• **The problem**
Leave out all pictures while repeating the records exactly and completely.

━━━━━━━━━━

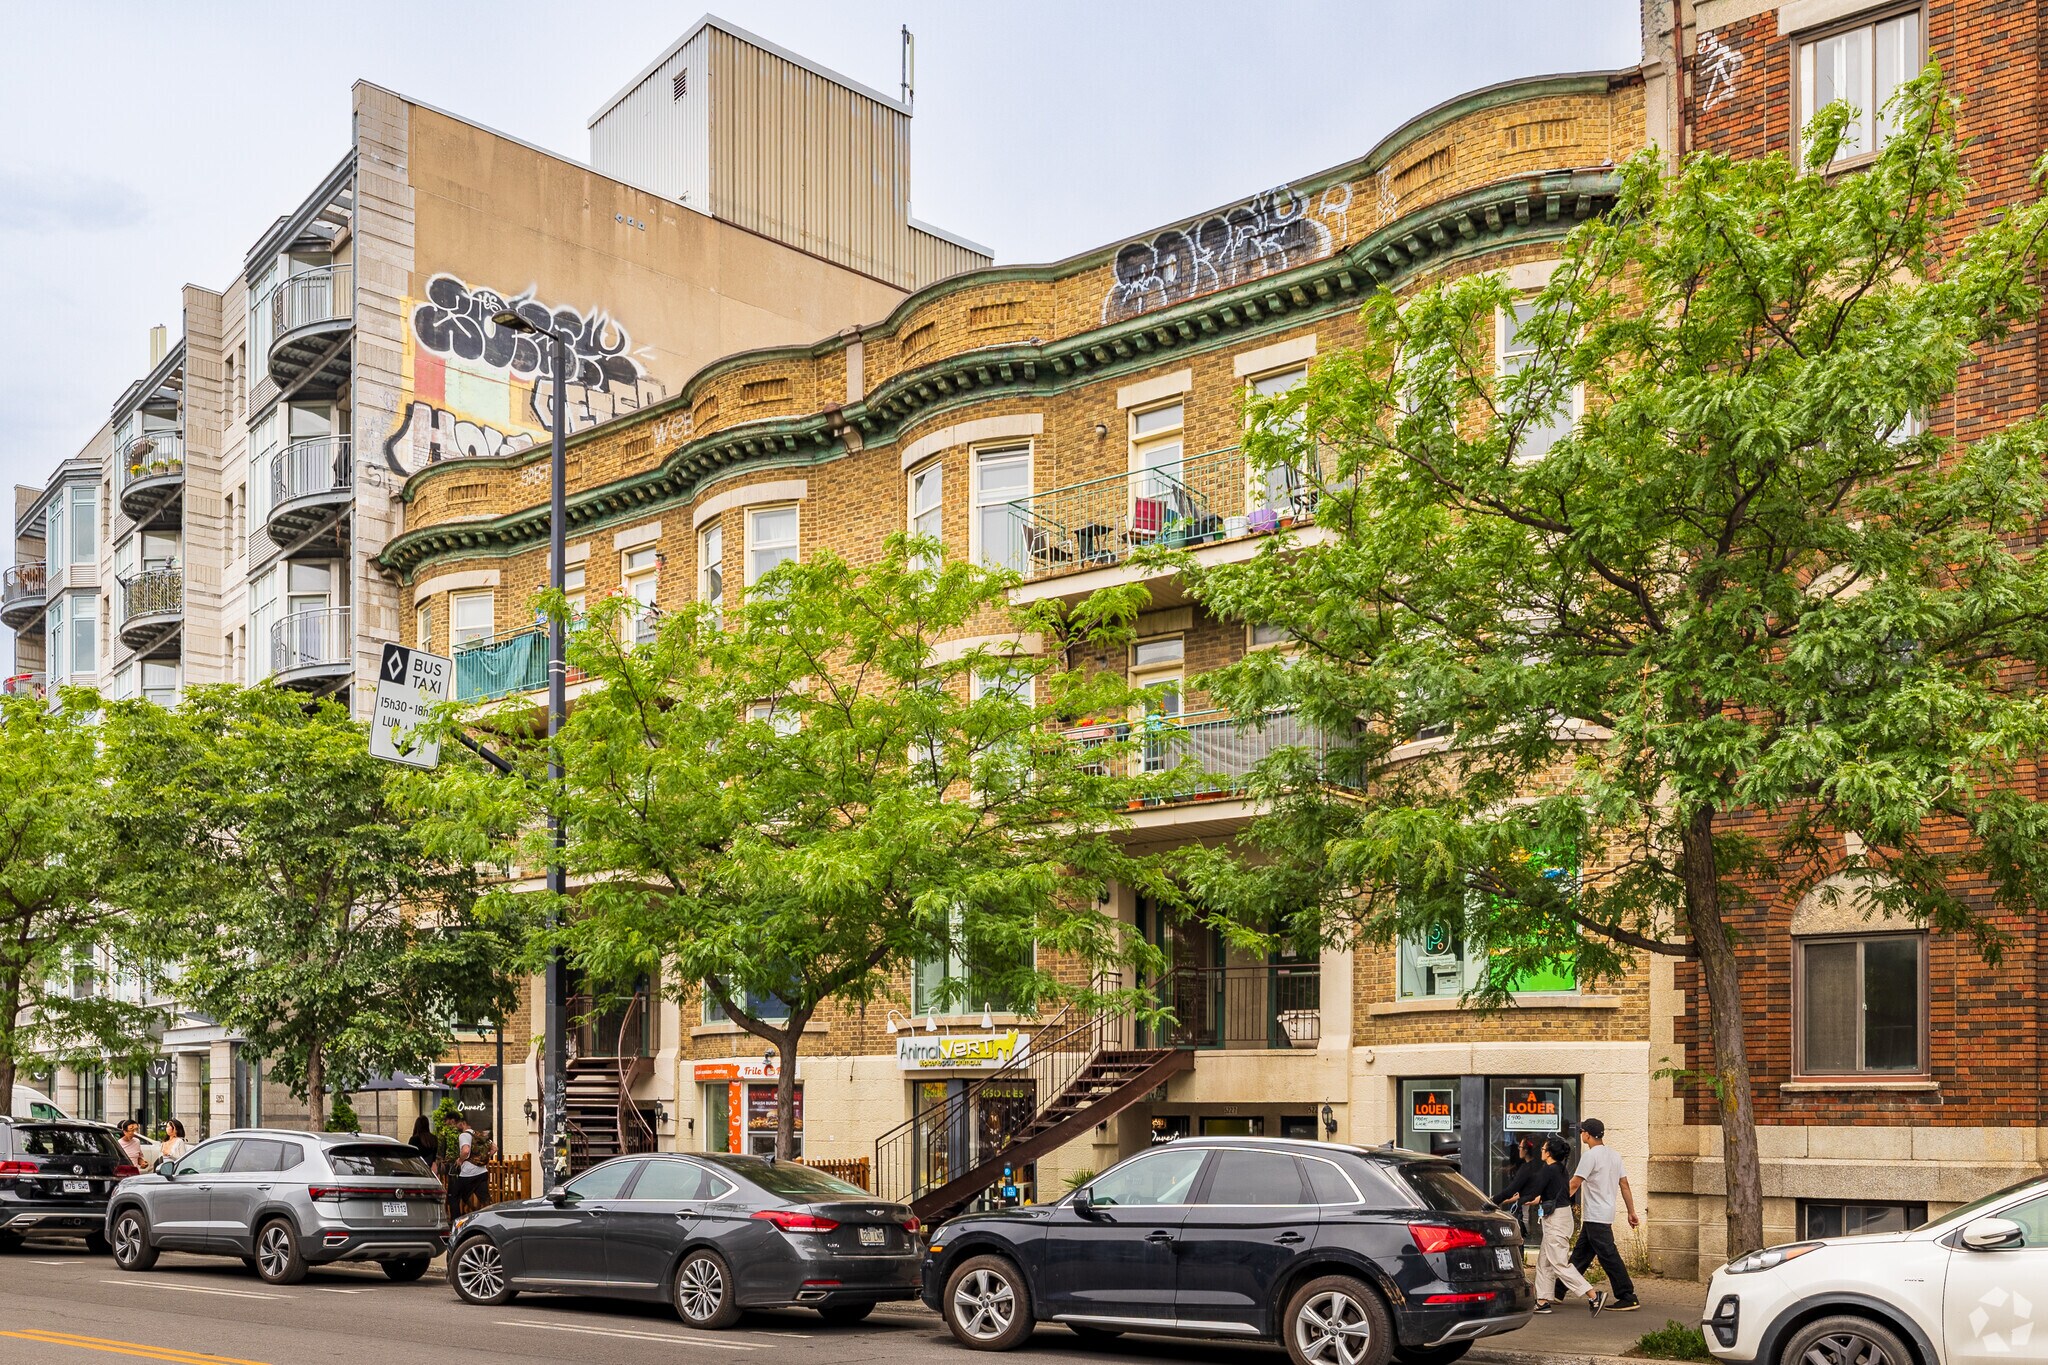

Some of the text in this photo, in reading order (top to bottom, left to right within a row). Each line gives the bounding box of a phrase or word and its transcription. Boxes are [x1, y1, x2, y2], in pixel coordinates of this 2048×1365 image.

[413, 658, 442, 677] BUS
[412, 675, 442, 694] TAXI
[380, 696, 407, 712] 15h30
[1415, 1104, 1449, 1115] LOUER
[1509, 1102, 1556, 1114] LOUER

━━━━━━━━━━

• **Exercise answer**
Some of the text in this photo, in reading order (top to bottom, left to right within a row). Each line gives the bounding box of a phrase or word and its transcription. Boxes are [x1, y1, x2, y2], in pixel coordinates of this 2048×1365 image.

[413, 658, 442, 677] BUS
[412, 675, 442, 694] TAXI
[380, 696, 407, 712] 15h30
[1415, 1104, 1449, 1115] LOUER
[1509, 1102, 1556, 1114] LOUER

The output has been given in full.